The monthly costs for my baby in her Amsterdam daycare are 1700 Euros for a full-time place. The hourly cost is above that which is refunded by tax, as most Amsterdam daycares are. We get 1/3 of 1500 refunded by tax, so we pay about 1200 net for the baby. My husband and I are both academics and our income is too high for us to get more than 1/3 for the first child. In SE UK our full-time place will be about 800 pounds per month, using vouchers, so it will indeed be cheaper. Note that the waiting lists for baby places in Amsterdam are years long - people put themselves in waiting lists when 13 weeks pregnant and often don't get a place until the child is two. That's why the daycares get away with being so expensive for their quality.
For our older daughter we have out of school wraparound care, which costs 900 Euros per month. We get back about 500 Euros per month in tax for her care but with the coming reforms it is likely that we would get less back. We will end up paying about the same on average in the UK for her care, but we haven't been too happy with the out of school care in NL and we're hoping that the after school clubs in the UK will work better.
I have to say that for us it has been very demoralizing to pay 1600 Euros per month for daycare in a country where we are already paying over fifty percent tax on much of our salary. We are academics, not bankers. We are not rich. Our net salaries in the UK will be quite a bit higher, and daycare won't take up as big a fraction of my net income.

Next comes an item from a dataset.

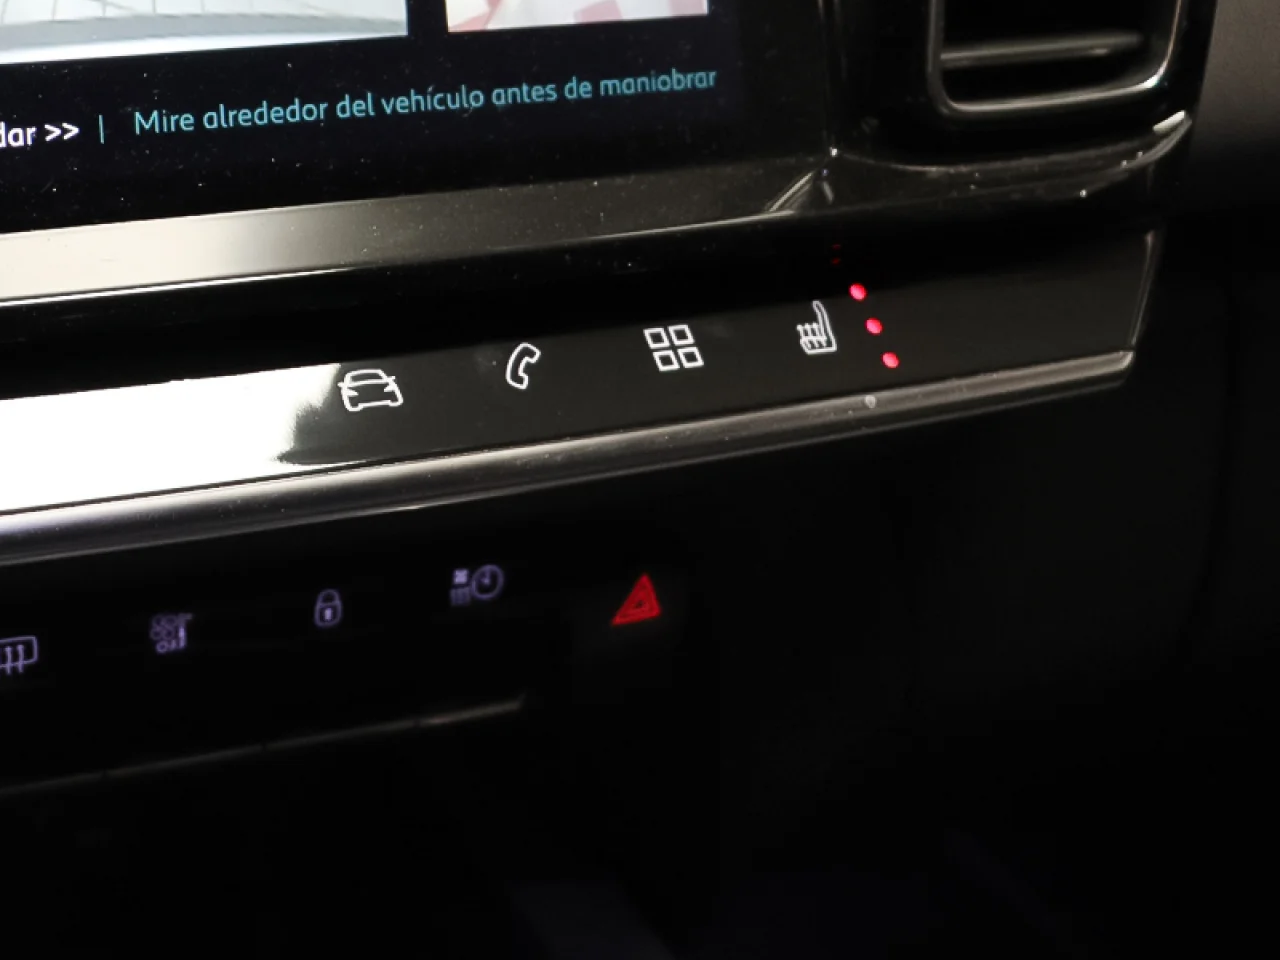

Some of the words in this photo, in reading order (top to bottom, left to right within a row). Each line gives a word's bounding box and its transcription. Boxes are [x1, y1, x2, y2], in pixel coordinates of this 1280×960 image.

@ the poster who mentioned PISA testing. Yes, NL performs better than the UK. But this is only one measure. For an above average child I have no doubt that the UK system is better and offers more to them. But again this is subjective, other families may be happier with the NL education system. (Mind you, at least half a dozen expat families we know have left NL in the last year mostly because of dissatisfaction about the schools.)